With every eulogy I have heard over the years, two things are consistently prominent to me. One is a reminder of how important it is to say all these words of affirmation, admiration, and appreciation to each other WHILE we are still alive. I hope that people will choose to encourage me to keep doing whatever good I may be doing, while I am still alive and still in the prime of life. What a waste to tell me all this good stuff after I am dead.


This is also why I take every opportunity to give credit where it is due and to let people know I appreciate the X, Y, and Z that they bring to me. Truth be told, some people look at me with suspicion, that I might be looking for something in return, wary that I am being nice with a hidden agenda. I have learned not to take this personally. I simply wonder what caused this cynicism to colour their lens on people and life.


The other thing that I am captured by is the revelation that it really does matter how we live. The poem called "The Dash" by Linda Ellis speaks eloquently and simply to this. The dash is what stands between one’s date of birth and one’s date of death.

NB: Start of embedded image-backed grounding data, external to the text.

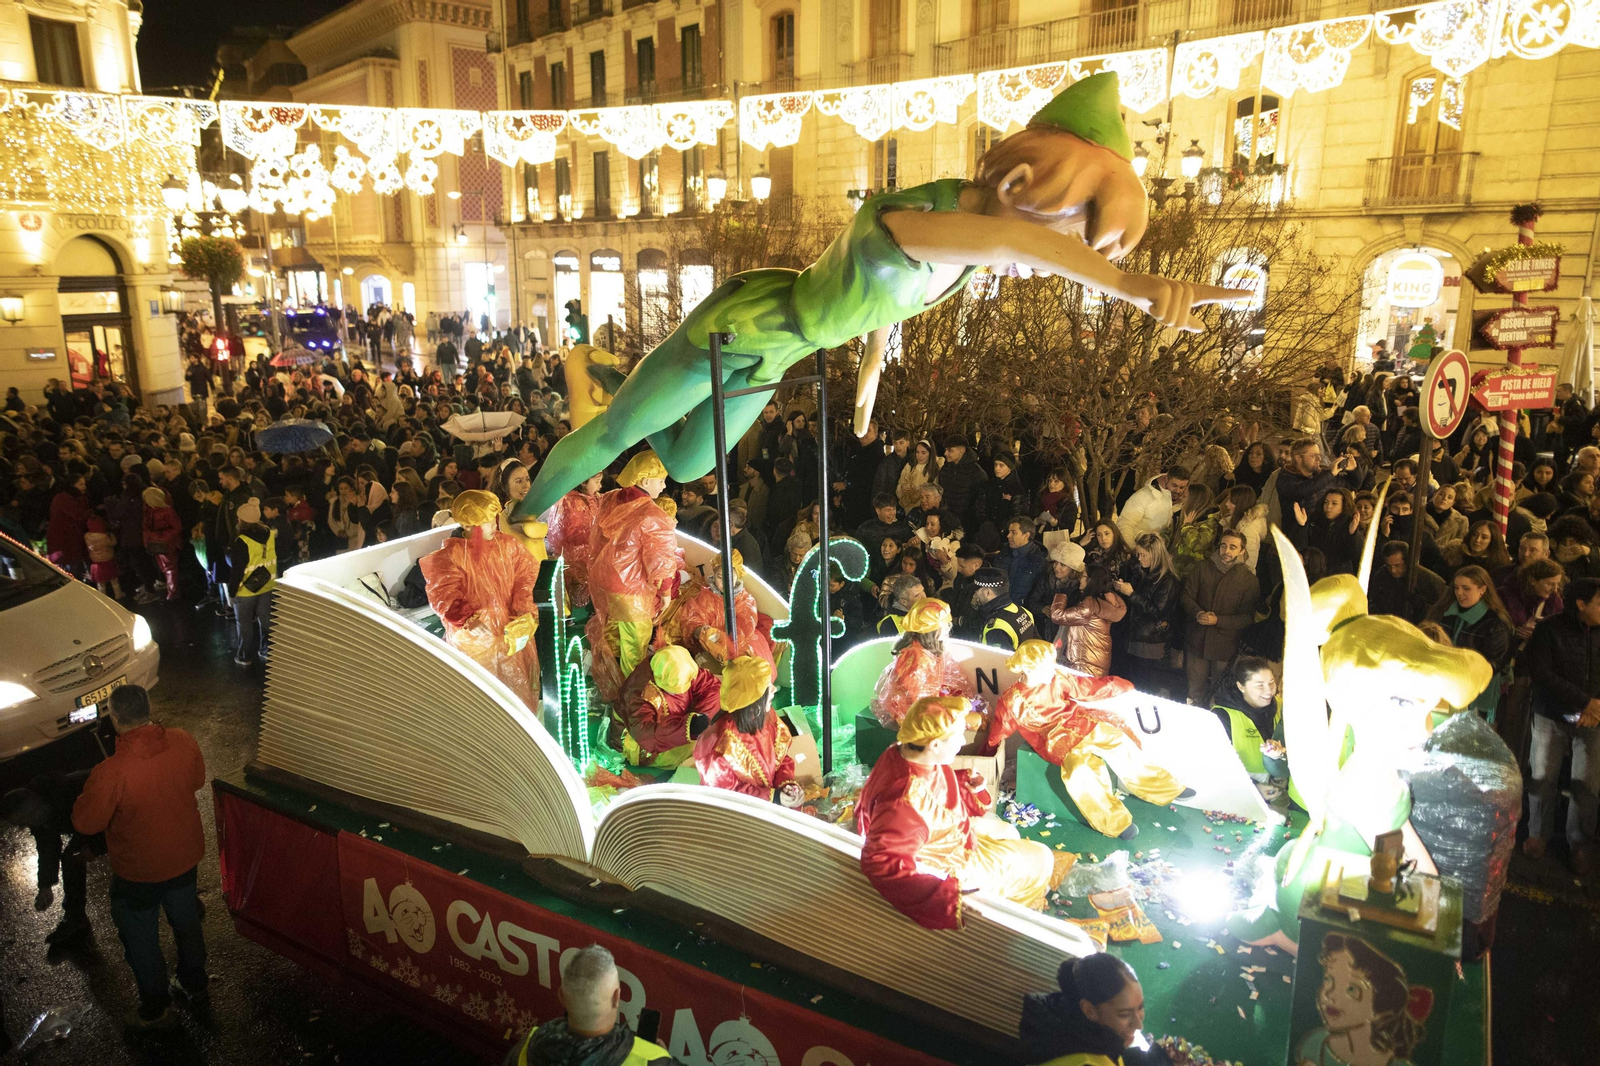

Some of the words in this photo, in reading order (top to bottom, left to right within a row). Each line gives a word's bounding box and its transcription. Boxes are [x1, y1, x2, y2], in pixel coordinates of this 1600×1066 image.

[1392, 281, 1431, 294] KING
[1501, 317, 1525, 329] BOSQUE
[1498, 331, 1527, 341] AVENTURA
[1500, 379, 1521, 390] PISTA
[1522, 378, 1532, 389] DE
[1532, 377, 1552, 389] HIELO
[1509, 392, 1525, 400] Paseo
[975, 667, 999, 695] N
[85, 687, 108, 706] 6513
[1135, 705, 1161, 735] U
[449, 955, 471, 973] 1982
[478, 968, 503, 987] 2022

The dash represents “all the time they (people) spent alive on earth”. Every time I hear a eulogy, I wonder what I am doing with my dash.

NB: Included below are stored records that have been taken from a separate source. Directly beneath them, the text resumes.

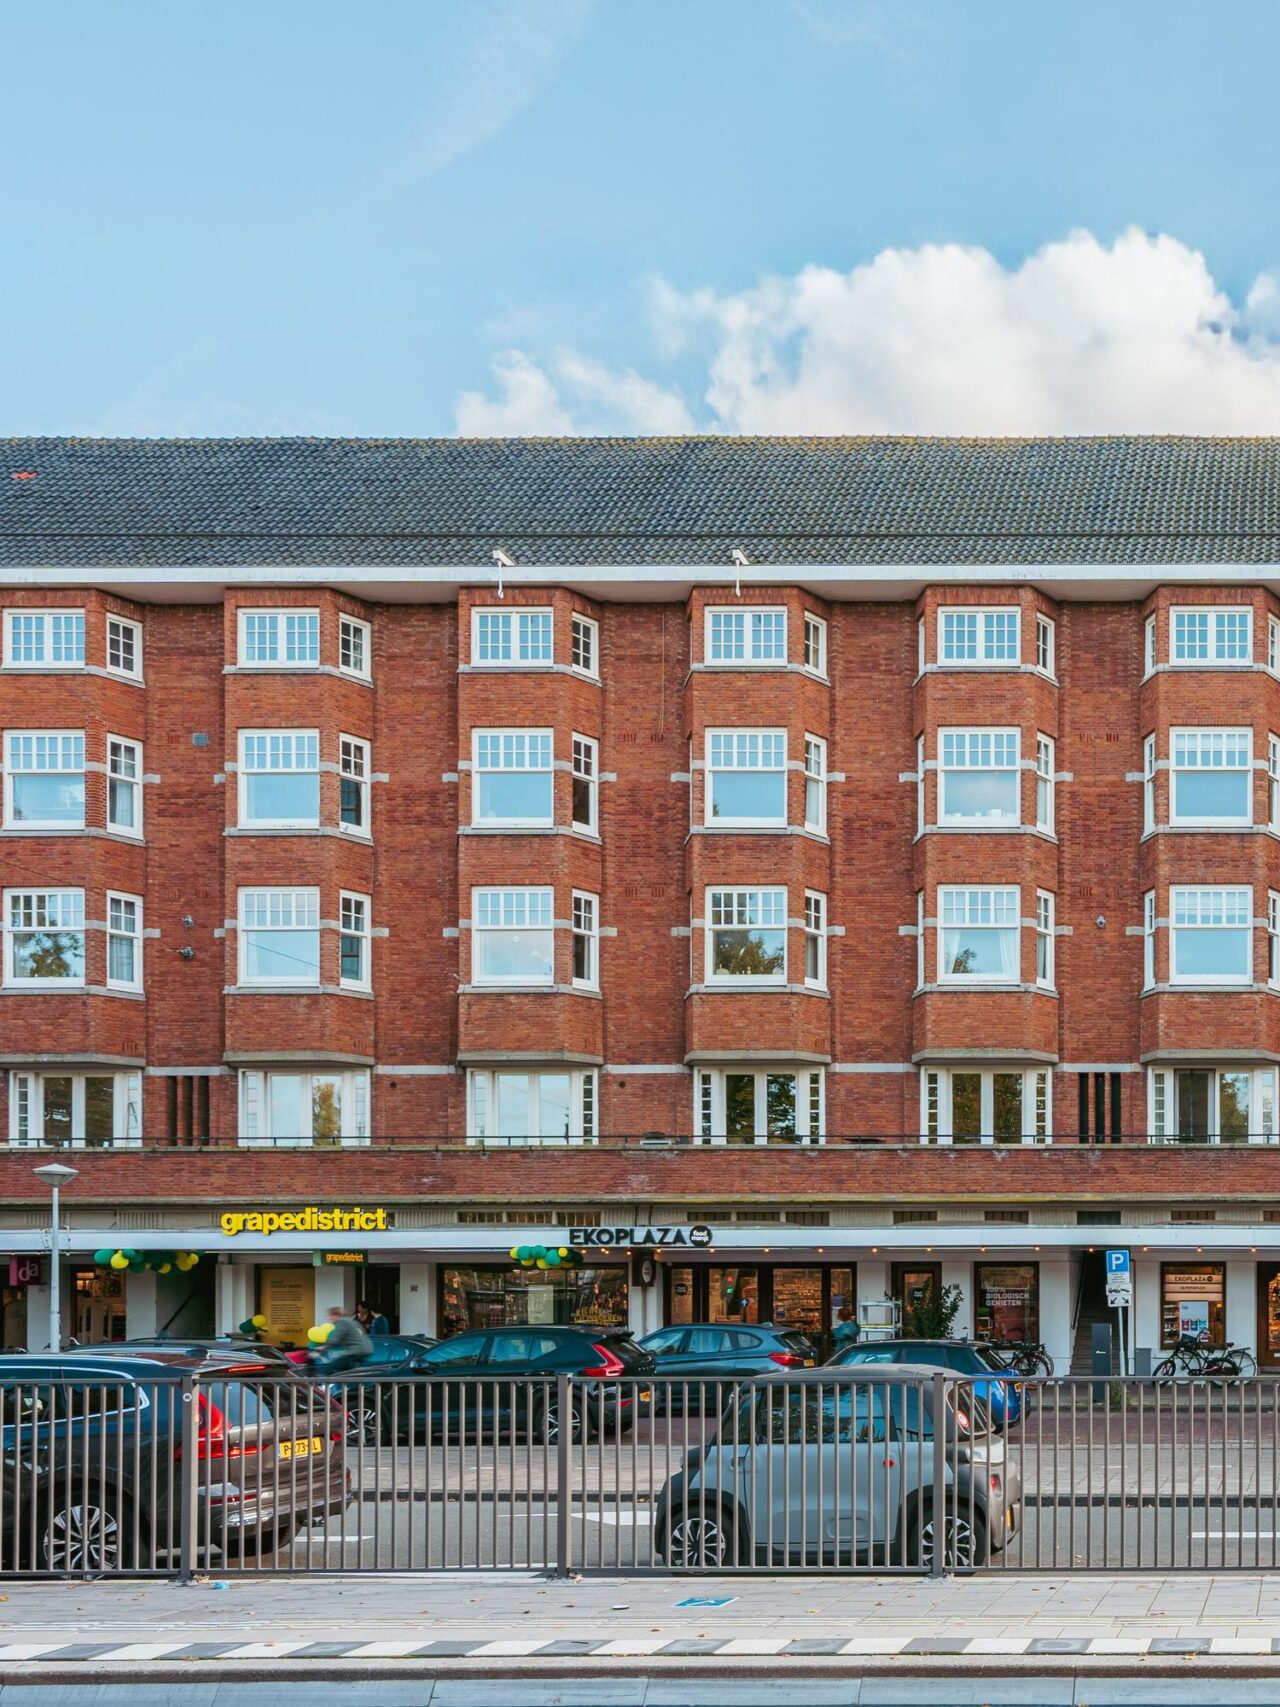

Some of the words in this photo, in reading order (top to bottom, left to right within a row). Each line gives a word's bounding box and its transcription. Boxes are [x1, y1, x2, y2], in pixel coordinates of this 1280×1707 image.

[220, 1207, 387, 1236] grapedistrict
[569, 1228, 688, 1245] EKOPLAZA
[325, 1252, 364, 1263] grapedistrict
[1111, 1253, 1124, 1271] P
[18, 1260, 39, 1281] da

Am I making a difference? Am I just occupying space? Am I living wholeheartedly or am I constantly waiting for the perfect time to do the perfect thing?


This weekend, I celebrated my birthday. Still remembering the stories I heard last weekend, honouring one who died too young, I am reflecting deeply on the poem’s last lines, “So when your eulogy is being read, with your life’s actions to rehash, would you be proud of the things they say about how you lived your dash?”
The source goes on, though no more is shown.